Thursday, May 20, 2010

Veggie Blue Plate Special


Tonight's challenge: use up the last 5 ounces of baby spinach, 2 of the 4 bell peppers in the fridge, the last ear of corn left over from last week, 1 tomato and 1 bunch of scallions. The obvious thing to do was to pretend we don't have any turkey smoked sausage, chicken or fish in the freezer and prepare a 3-veggie plate - tonight's blue plate special. This consisted of an encore presentation of the corn and feta salad plus the following two dishes:

Black-eyed peas, Italian-styleI'm not sure such a thing actually exists, but I pretended it did with my seasoning blend. These are great cooked in chicken broth, bu since I haven't gotten around to buying any yet, a little extra salt worked out just as well.

8 oz. frozen black-eyed peas, thawed
Salt to taste
1 bunch scallions (mostly the white part), thinly sliced
1 vine-ripened tomato, peeled and diced
2 tsp dried Italian herbs
1 tsp crushed red pepper or to taste

Place thawed black-eyed peas in a small (1 qt) saucepan, cover with water and add salt. Bring to a boil, then reduce heat to medium and simmer covered. Peas will take about 20 minutes to cook, but check on them and add water if needed. During the last 5 minutes, add chopped tomato and onion along with Italian herbs and crushed red pepper.

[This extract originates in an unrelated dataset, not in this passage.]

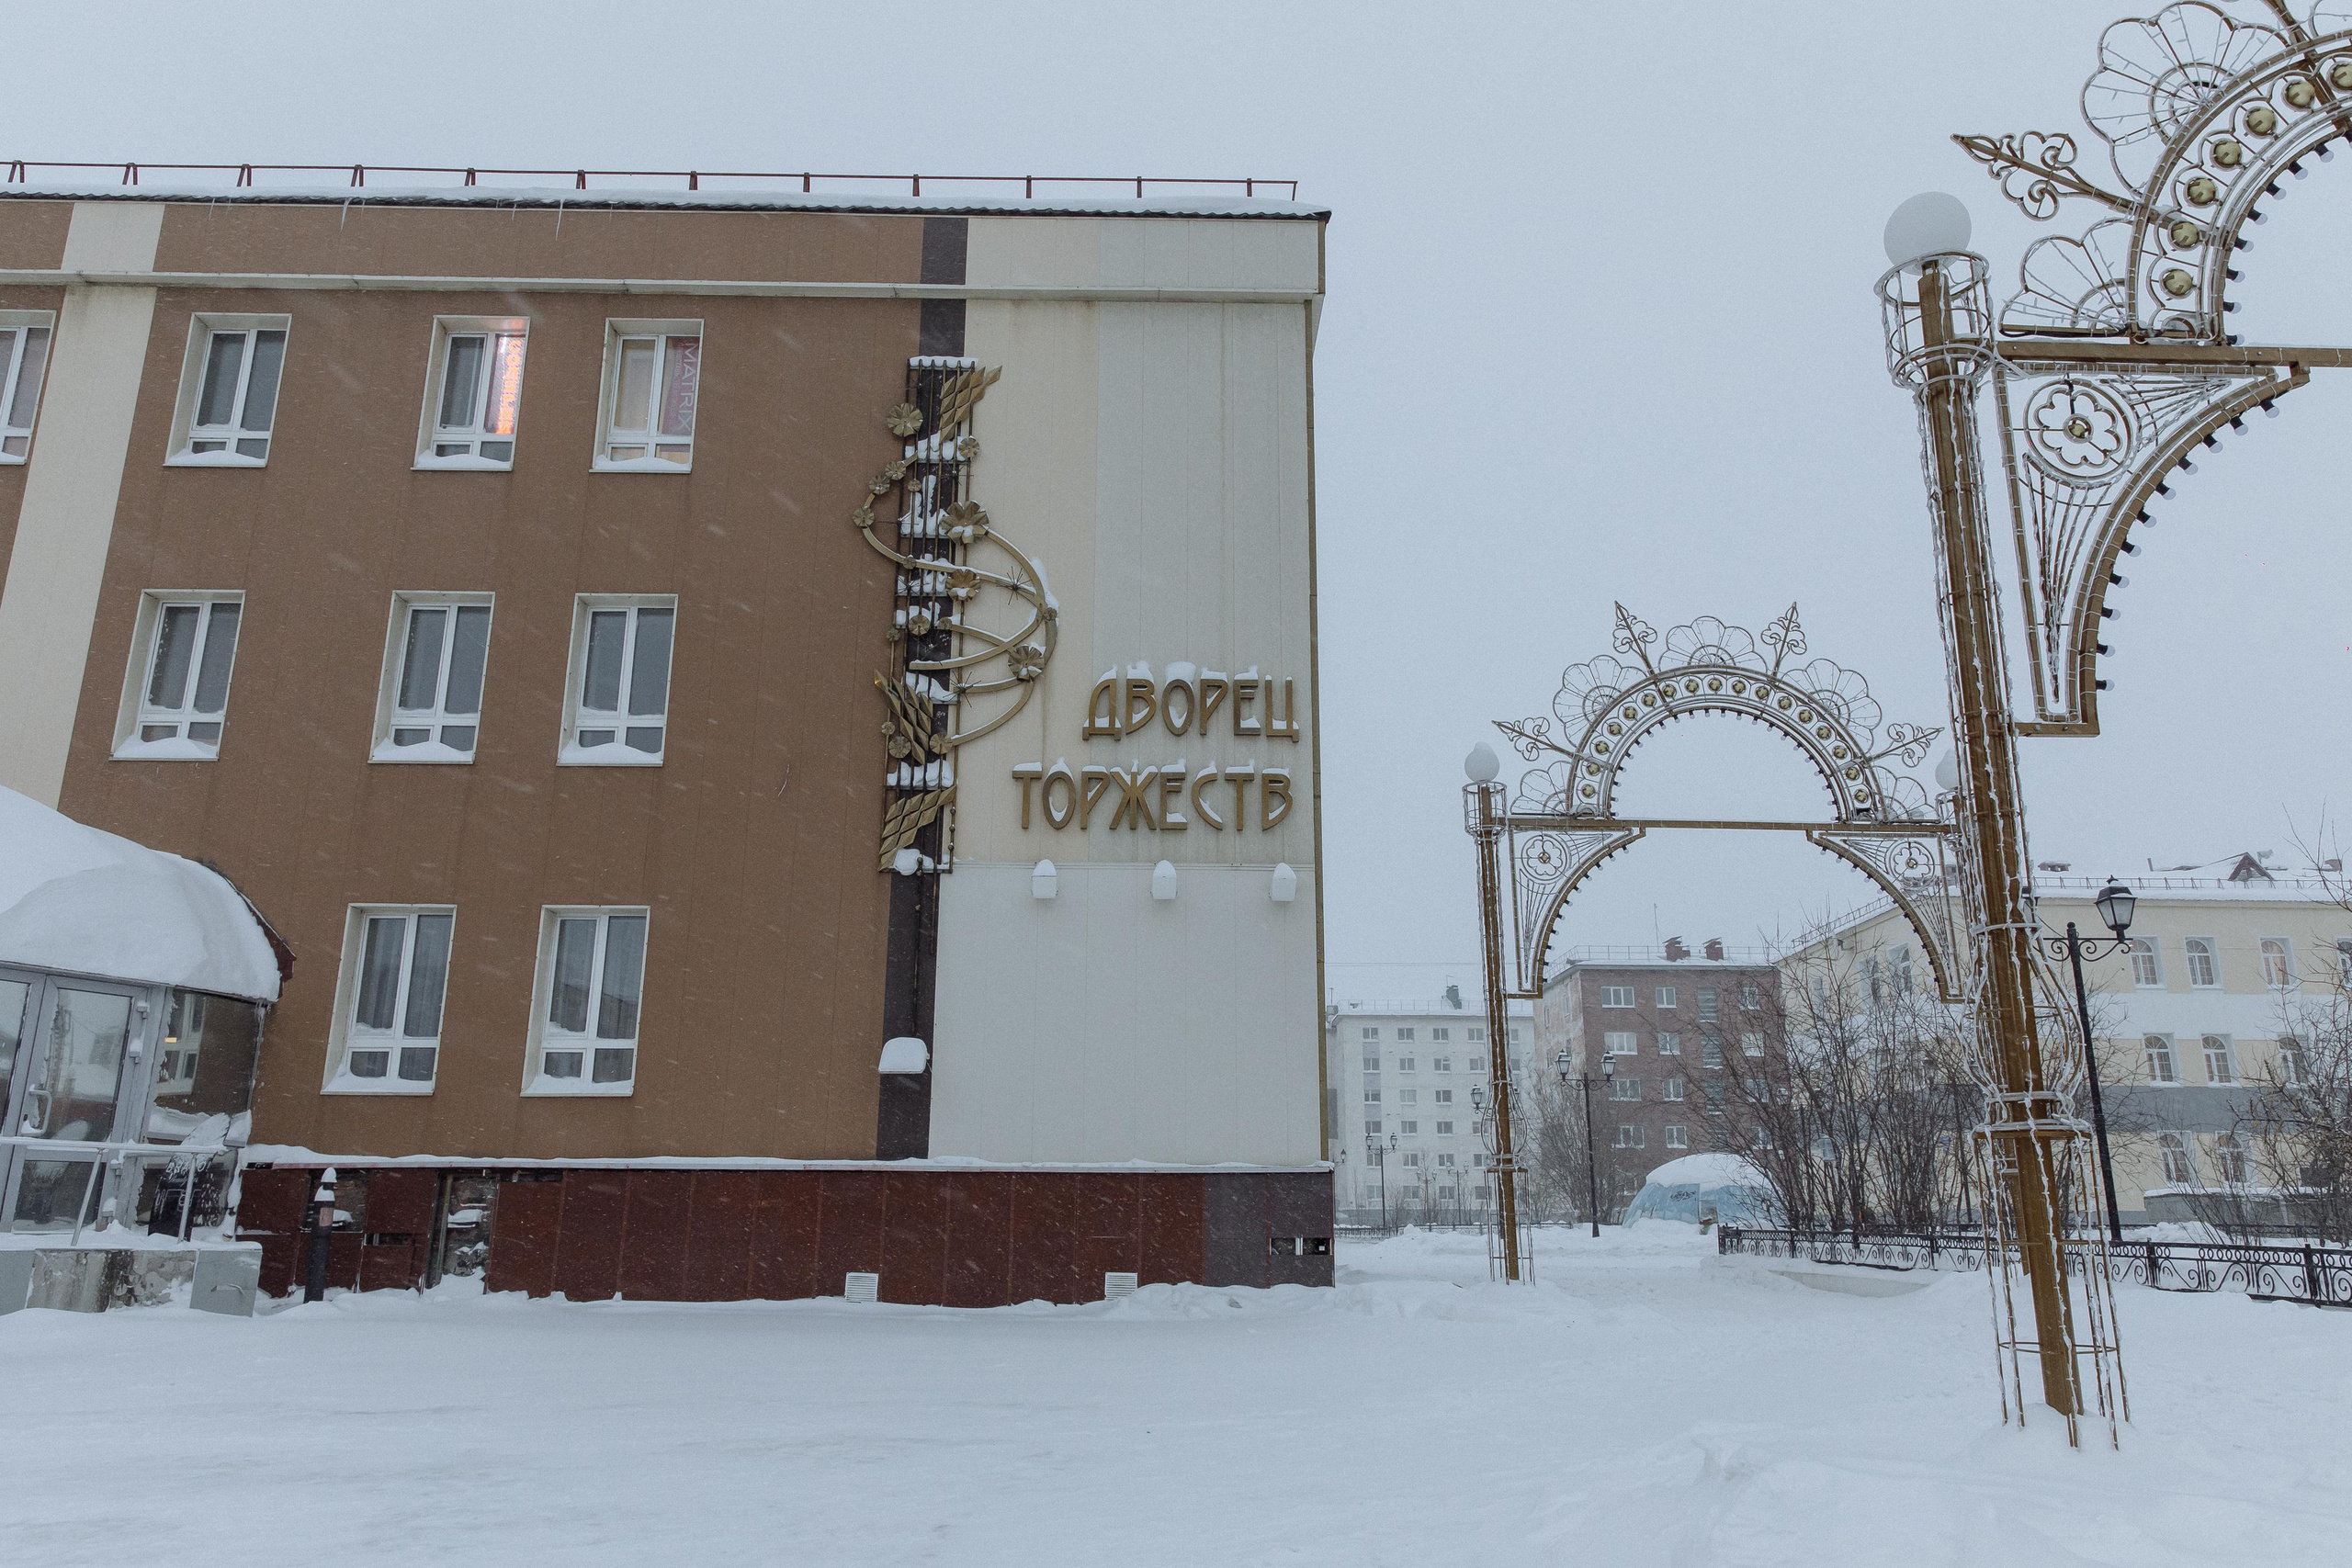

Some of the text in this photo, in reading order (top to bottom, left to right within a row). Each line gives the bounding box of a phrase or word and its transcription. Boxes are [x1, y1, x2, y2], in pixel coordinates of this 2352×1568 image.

Bell peppers stuffed with spinach risottoDon't really remember where this recipe came from; I'm thinking either Giada De Laurentiis or Emeril. Anyway, I also like to cook some chicken broth into the risotto when I have some, but extra salt was tonight's substitute here as well. I also like to saute some chopped onion in the olive oil before adding the rice, but since tonight's veggie plate featured onions in the other two dishes, I left them out of the risotto.

2 large bell peppers (red, orange or yellow look best with the risotto)
2 tsp olive oil
1 cup arborio rice
3 cups salted water
5 oz baby spinach (can also use 1/2 pkg frozen, thawed), chopped small
1/2 tsp nutmeg
1/3 to 1/2 cup shredded Parmesan cheese
Fresh ground pepper to taste

Cut two bell peppers in half, remove hats, scoop out seeds and set aside on a shallow baking pan.

In a 1 or 2 qt saucepan, bring salted water to a boil, then reduce heat to medium.

In a separate 2-qt saucepan, eat the oil over medium heat. (Add the onion now, if using; saute for 2-3 minutes or until translucent.) Add rice and stir. Reduce heat to medium-low.

Begin adding salted water (or broth, if using) to the rice 1/2 cup at a time, stirring often. Once all water has been added to the rice and rice has taken on a creamy consistency (should take about 15-20 minutes), stir in the chopped spinach and let it cook for about 3-4 minutes in the hot rice. Add nutmeg and pepper and stir. Add Parmesan cheese and stir until it melts into the rice.

Pre-heat the oven to 400 degrees F.

Use a soup spoon to fill the peppers with the risotto, pressing down in order to stuff the peppers. Sprinkle some more Parmesan over the tops.

Bake peppers in the oven for 20 minutes or until the Parmesan on top of the peppers turns golden brown.


To my credit (I guess), an entire hour has passed since we finished dinner, and Steve hasn't started snacking on boiled peanuts yet! I think I've figured out how we can both have enough to eat without meat being involved!